All records shown below should be given again, character for character.
BEGIN DATA UNDER STUDY
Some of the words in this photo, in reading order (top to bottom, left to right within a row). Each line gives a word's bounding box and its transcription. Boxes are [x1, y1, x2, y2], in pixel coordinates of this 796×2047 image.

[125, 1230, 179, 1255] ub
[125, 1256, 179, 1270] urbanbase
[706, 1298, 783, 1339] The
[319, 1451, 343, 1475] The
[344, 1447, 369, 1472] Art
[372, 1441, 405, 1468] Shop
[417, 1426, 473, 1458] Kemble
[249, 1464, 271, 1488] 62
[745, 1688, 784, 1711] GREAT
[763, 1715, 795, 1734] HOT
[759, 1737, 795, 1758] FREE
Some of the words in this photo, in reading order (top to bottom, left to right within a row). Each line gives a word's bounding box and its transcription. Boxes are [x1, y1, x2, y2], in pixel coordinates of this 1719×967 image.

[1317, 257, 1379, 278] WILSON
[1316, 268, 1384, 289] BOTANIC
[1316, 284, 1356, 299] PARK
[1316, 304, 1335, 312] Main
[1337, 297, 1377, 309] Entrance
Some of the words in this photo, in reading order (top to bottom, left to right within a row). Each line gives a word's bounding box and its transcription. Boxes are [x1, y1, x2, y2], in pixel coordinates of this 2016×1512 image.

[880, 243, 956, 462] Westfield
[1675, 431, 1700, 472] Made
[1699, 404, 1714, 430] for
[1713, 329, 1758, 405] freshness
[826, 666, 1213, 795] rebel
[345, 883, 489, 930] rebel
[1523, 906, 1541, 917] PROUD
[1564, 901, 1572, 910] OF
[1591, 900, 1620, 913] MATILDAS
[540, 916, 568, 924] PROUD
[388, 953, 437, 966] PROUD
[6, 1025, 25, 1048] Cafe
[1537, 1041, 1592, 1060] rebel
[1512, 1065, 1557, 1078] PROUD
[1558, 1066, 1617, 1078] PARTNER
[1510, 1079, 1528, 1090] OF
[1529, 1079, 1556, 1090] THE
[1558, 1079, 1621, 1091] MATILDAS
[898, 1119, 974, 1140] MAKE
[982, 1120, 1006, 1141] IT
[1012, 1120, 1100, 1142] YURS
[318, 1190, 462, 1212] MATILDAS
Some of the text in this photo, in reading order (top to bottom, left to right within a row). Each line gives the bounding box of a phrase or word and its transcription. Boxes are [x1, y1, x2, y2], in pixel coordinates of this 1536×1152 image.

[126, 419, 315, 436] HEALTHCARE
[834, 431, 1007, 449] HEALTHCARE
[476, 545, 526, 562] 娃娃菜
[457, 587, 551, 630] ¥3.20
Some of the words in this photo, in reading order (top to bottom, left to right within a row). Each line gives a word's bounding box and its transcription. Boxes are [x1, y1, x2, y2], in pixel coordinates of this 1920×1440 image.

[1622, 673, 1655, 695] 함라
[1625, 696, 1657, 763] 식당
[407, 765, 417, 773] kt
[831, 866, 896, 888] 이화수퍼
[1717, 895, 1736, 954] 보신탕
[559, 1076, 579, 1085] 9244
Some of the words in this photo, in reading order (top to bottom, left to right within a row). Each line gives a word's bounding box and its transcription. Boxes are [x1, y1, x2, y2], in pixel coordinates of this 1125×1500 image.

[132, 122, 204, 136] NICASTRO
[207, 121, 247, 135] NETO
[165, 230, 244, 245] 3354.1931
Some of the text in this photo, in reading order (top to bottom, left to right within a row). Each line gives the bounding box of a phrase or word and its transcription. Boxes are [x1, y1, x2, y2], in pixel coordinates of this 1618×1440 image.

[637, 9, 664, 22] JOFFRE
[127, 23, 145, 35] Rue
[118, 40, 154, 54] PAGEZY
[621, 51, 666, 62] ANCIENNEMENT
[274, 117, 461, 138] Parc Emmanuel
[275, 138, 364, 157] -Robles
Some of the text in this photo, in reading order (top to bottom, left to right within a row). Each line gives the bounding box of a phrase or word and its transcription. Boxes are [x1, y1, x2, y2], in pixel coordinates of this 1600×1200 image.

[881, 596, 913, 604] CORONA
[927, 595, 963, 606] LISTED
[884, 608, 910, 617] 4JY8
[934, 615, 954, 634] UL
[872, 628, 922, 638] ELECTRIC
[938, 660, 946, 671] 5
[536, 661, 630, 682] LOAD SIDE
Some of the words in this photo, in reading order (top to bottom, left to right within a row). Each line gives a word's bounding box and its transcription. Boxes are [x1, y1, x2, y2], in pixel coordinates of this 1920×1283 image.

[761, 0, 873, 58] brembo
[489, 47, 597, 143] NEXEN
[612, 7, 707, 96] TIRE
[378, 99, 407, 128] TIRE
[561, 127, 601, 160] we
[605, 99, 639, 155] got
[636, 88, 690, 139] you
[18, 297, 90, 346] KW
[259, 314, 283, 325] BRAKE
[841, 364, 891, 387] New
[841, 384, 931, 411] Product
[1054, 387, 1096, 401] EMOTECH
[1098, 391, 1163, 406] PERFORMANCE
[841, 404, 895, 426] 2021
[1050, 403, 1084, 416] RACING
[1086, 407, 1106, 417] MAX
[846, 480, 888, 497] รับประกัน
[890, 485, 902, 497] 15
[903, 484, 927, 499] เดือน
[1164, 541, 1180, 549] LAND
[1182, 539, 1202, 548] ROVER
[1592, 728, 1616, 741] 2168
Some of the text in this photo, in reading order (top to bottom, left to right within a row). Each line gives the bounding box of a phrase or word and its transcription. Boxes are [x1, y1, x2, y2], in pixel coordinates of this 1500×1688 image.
END DATA UNDER STUDY
*TASK RESPONSE*:
Some of the words in this photo, in reading order (top to bottom, left to right within a row). Each line gives a word's bounding box and its transcription. Boxes are [x1, y1, x2, y2], in pixel coordinates of this 796×2047 image.

[125, 1230, 179, 1255] ub
[125, 1256, 179, 1270] urbanbase
[706, 1298, 783, 1339] The
[319, 1451, 343, 1475] The
[344, 1447, 369, 1472] Art
[372, 1441, 405, 1468] Shop
[417, 1426, 473, 1458] Kemble
[249, 1464, 271, 1488] 62
[745, 1688, 784, 1711] GREAT
[763, 1715, 795, 1734] HOT
[759, 1737, 795, 1758] FREE
Some of the words in this photo, in reading order (top to bottom, left to right within a row). Each line gives a word's bounding box and its transcription. Boxes are [x1, y1, x2, y2], in pixel coordinates of this 1719×967 image.

[1317, 257, 1379, 278] WILSON
[1316, 268, 1384, 289] BOTANIC
[1316, 284, 1356, 299] PARK
[1316, 304, 1335, 312] Main
[1337, 297, 1377, 309] Entrance
Some of the words in this photo, in reading order (top to bottom, left to right within a row). Each line gives a word's bounding box and its transcription. Boxes are [x1, y1, x2, y2], in pixel coordinates of this 2016×1512 image.

[880, 243, 956, 462] Westfield
[1675, 431, 1700, 472] Made
[1699, 404, 1714, 430] for
[1713, 329, 1758, 405] freshness
[826, 666, 1213, 795] rebel
[345, 883, 489, 930] rebel
[1523, 906, 1541, 917] PROUD
[1564, 901, 1572, 910] OF
[1591, 900, 1620, 913] MATILDAS
[540, 916, 568, 924] PROUD
[388, 953, 437, 966] PROUD
[6, 1025, 25, 1048] Cafe
[1537, 1041, 1592, 1060] rebel
[1512, 1065, 1557, 1078] PROUD
[1558, 1066, 1617, 1078] PARTNER
[1510, 1079, 1528, 1090] OF
[1529, 1079, 1556, 1090] THE
[1558, 1079, 1621, 1091] MATILDAS
[898, 1119, 974, 1140] MAKE
[982, 1120, 1006, 1141] IT
[1012, 1120, 1100, 1142] YURS
[318, 1190, 462, 1212] MATILDAS
Some of the text in this photo, in reading order (top to bottom, left to right within a row). Each line gives the bounding box of a phrase or word and its transcription. Boxes are [x1, y1, x2, y2], in pixel coordinates of this 1536×1152 image.

[126, 419, 315, 436] HEALTHCARE
[834, 431, 1007, 449] HEALTHCARE
[476, 545, 526, 562] 娃娃菜
[457, 587, 551, 630] ¥3.20
Some of the words in this photo, in reading order (top to bottom, left to right within a row). Each line gives a word's bounding box and its transcription. Boxes are [x1, y1, x2, y2], in pixel coordinates of this 1920×1440 image.

[1622, 673, 1655, 695] 함라
[1625, 696, 1657, 763] 식당
[407, 765, 417, 773] kt
[831, 866, 896, 888] 이화수퍼
[1717, 895, 1736, 954] 보신탕
[559, 1076, 579, 1085] 9244
Some of the words in this photo, in reading order (top to bottom, left to right within a row). Each line gives a word's bounding box and its transcription. Boxes are [x1, y1, x2, y2], in pixel coordinates of this 1125×1500 image.

[132, 122, 204, 136] NICASTRO
[207, 121, 247, 135] NETO
[165, 230, 244, 245] 3354.1931
Some of the text in this photo, in reading order (top to bottom, left to right within a row). Each line gives the bounding box of a phrase or word and its transcription. Boxes are [x1, y1, x2, y2], in pixel coordinates of this 1618×1440 image.

[637, 9, 664, 22] JOFFRE
[127, 23, 145, 35] Rue
[118, 40, 154, 54] PAGEZY
[621, 51, 666, 62] ANCIENNEMENT
[274, 117, 461, 138] Parc Emmanuel
[275, 138, 364, 157] -Robles
Some of the text in this photo, in reading order (top to bottom, left to right within a row). Each line gives the bounding box of a phrase or word and its transcription. Boxes are [x1, y1, x2, y2], in pixel coordinates of this 1600×1200 image.

[881, 596, 913, 604] CORONA
[927, 595, 963, 606] LISTED
[884, 608, 910, 617] 4JY8
[934, 615, 954, 634] UL
[872, 628, 922, 638] ELECTRIC
[938, 660, 946, 671] 5
[536, 661, 630, 682] LOAD SIDE
Some of the words in this photo, in reading order (top to bottom, left to right within a row). Each line gives a word's bounding box and its transcription. Boxes are [x1, y1, x2, y2], in pixel coordinates of this 1920×1283 image.

[761, 0, 873, 58] brembo
[489, 47, 597, 143] NEXEN
[612, 7, 707, 96] TIRE
[378, 99, 407, 128] TIRE
[561, 127, 601, 160] we
[605, 99, 639, 155] got
[636, 88, 690, 139] you
[18, 297, 90, 346] KW
[259, 314, 283, 325] BRAKE
[841, 364, 891, 387] New
[841, 384, 931, 411] Product
[1054, 387, 1096, 401] EMOTECH
[1098, 391, 1163, 406] PERFORMANCE
[841, 404, 895, 426] 2021
[1050, 403, 1084, 416] RACING
[1086, 407, 1106, 417] MAX
[846, 480, 888, 497] รับประกัน
[890, 485, 902, 497] 15
[903, 484, 927, 499] เดือน
[1164, 541, 1180, 549] LAND
[1182, 539, 1202, 548] ROVER
[1592, 728, 1616, 741] 2168
Some of the text in this photo, in reading order (top to bottom, left to right within a row). Each line gives the bounding box of a phrase or word and its transcription. Boxes are [x1, y1, x2, y2], in pixel coordinates of this 1500×1688 image.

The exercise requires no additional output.